Gregory Halston sintió que el corazón le latía enloquecido.

– ¡Excelente! -exclamó-. Traje el talonario, de modo que…

– Ma no. Me temo que eso no resolverá mi problema.

La voz de la condesa resultaba apesadumbrada.

– ¿Su problema?

– Sí. Mi marido necesita trescientos cincuenta mil dólares para su negocio. Ha conseguido cien mil, pero hacen falta doscientos cincuenta mil más, que yo esperaba obtener por esta esmeralda.

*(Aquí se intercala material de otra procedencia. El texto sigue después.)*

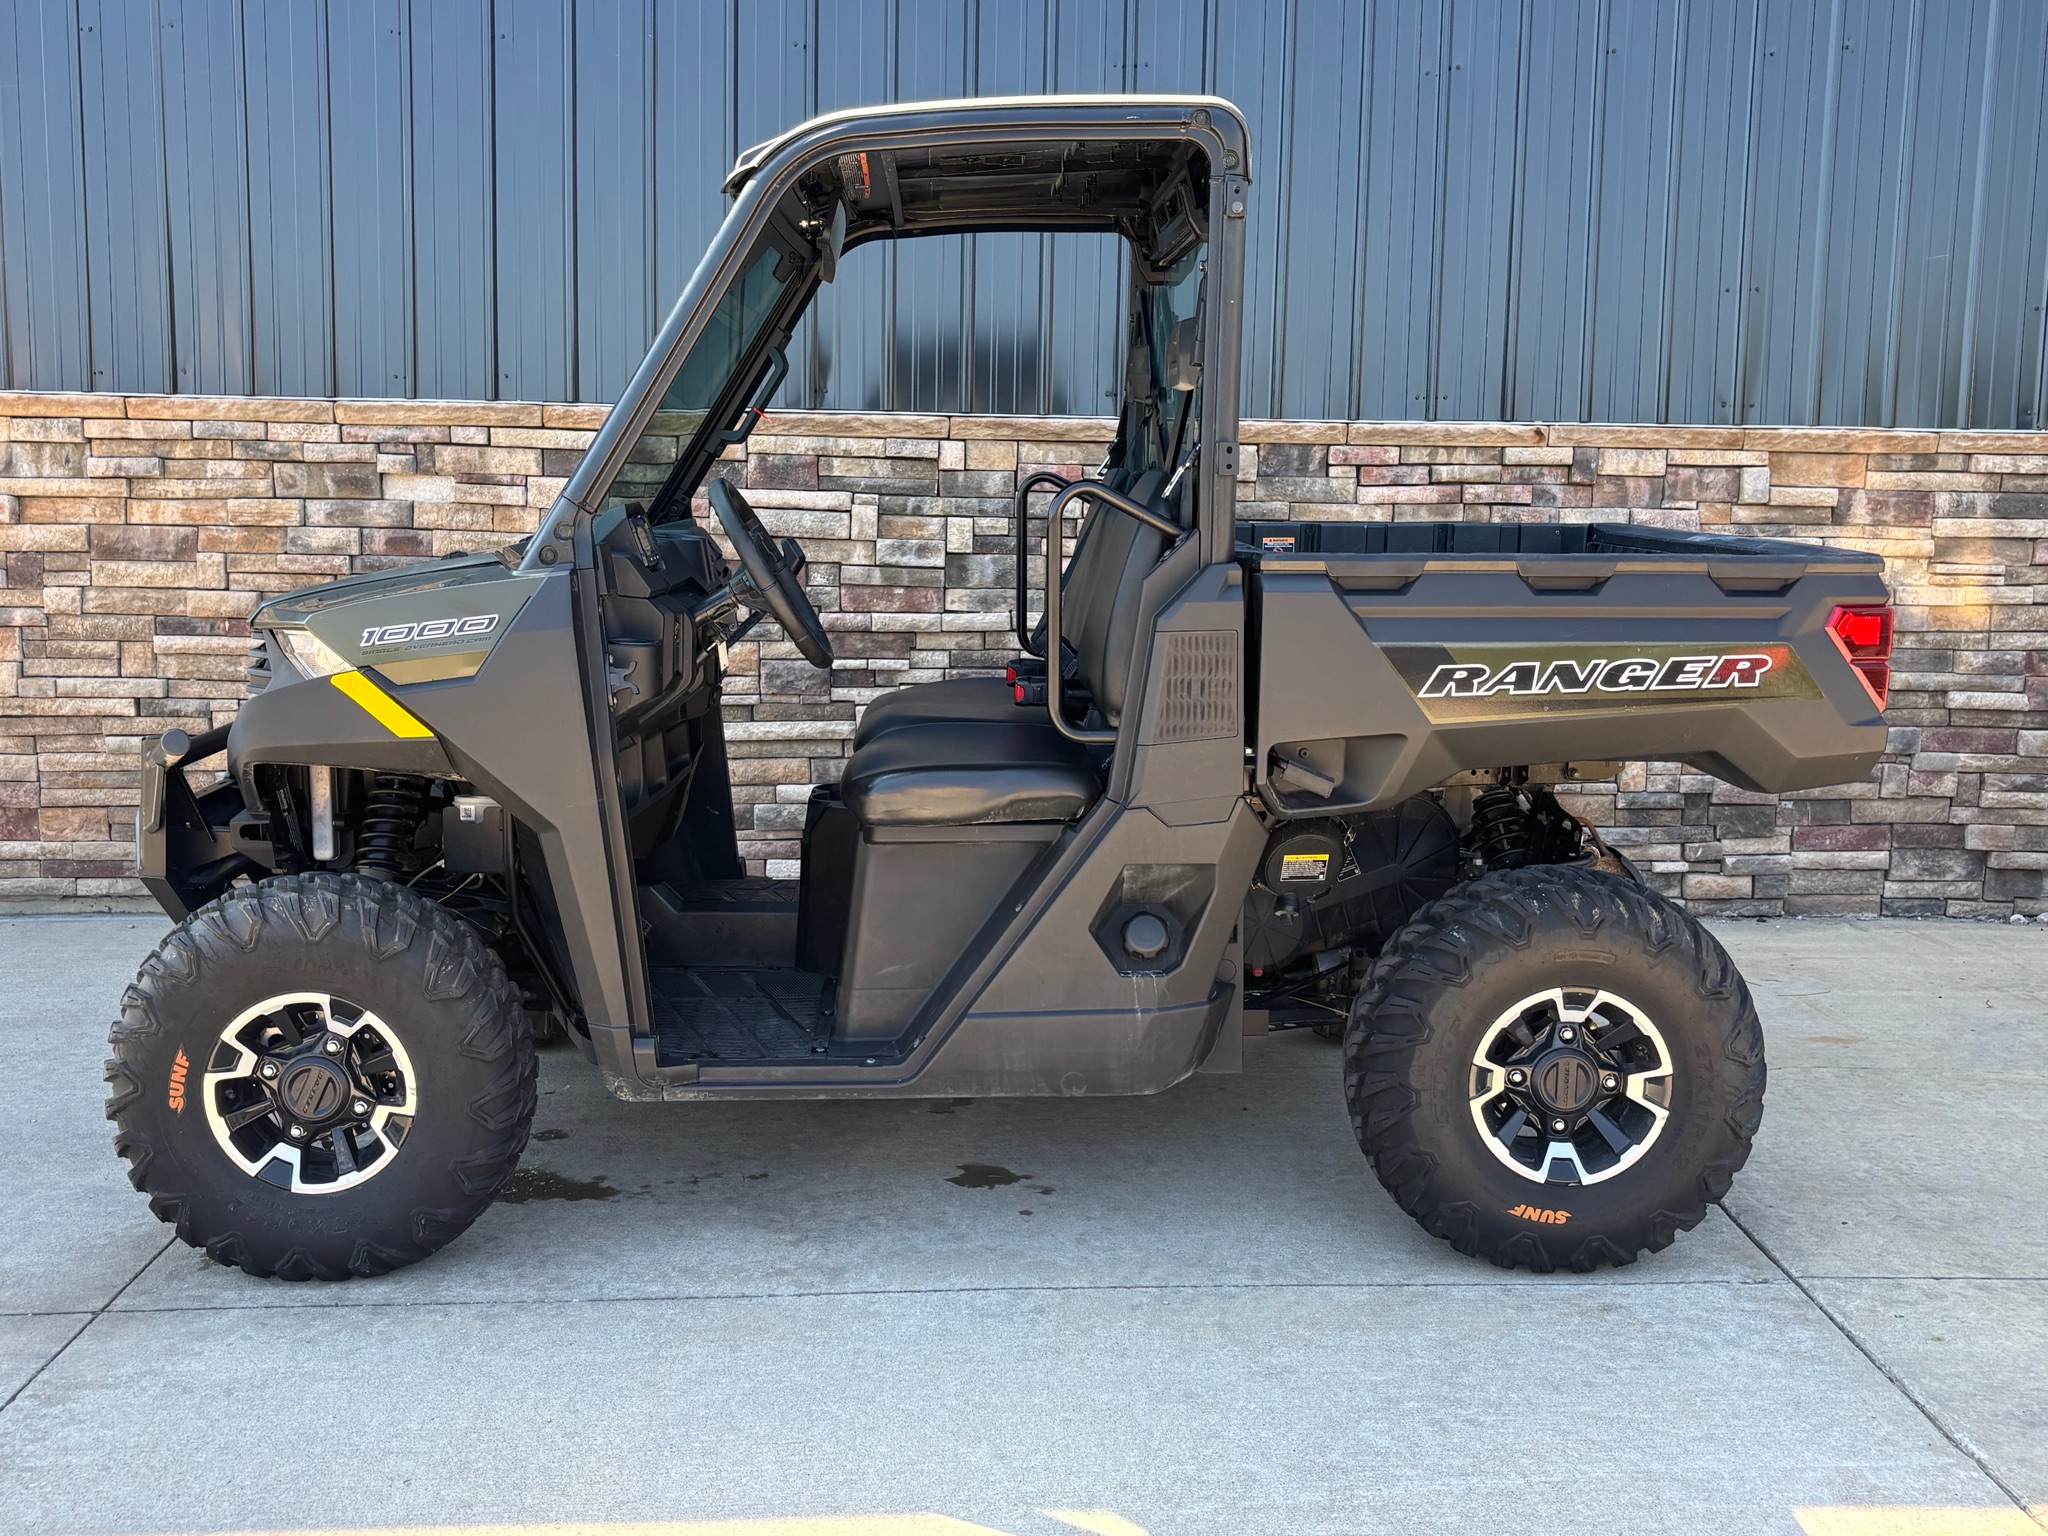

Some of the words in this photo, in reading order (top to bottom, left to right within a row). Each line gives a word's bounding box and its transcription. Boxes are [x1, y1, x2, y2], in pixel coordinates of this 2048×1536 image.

Halston negó con la cabeza.

– Mi querida condesa, ninguna esmeralda del mundo vale tanto. Créame que cien mil dólares es un muy buen precio.

– No me cabe duda, señor Halston, pero no me alcanza para ayudar a mi esposo. -Se puso de pie-. Creo que la guardaré para regalársela a mi hija. -Le extendió una mano delicada-. Grazie, signore. Gracias por haber venido.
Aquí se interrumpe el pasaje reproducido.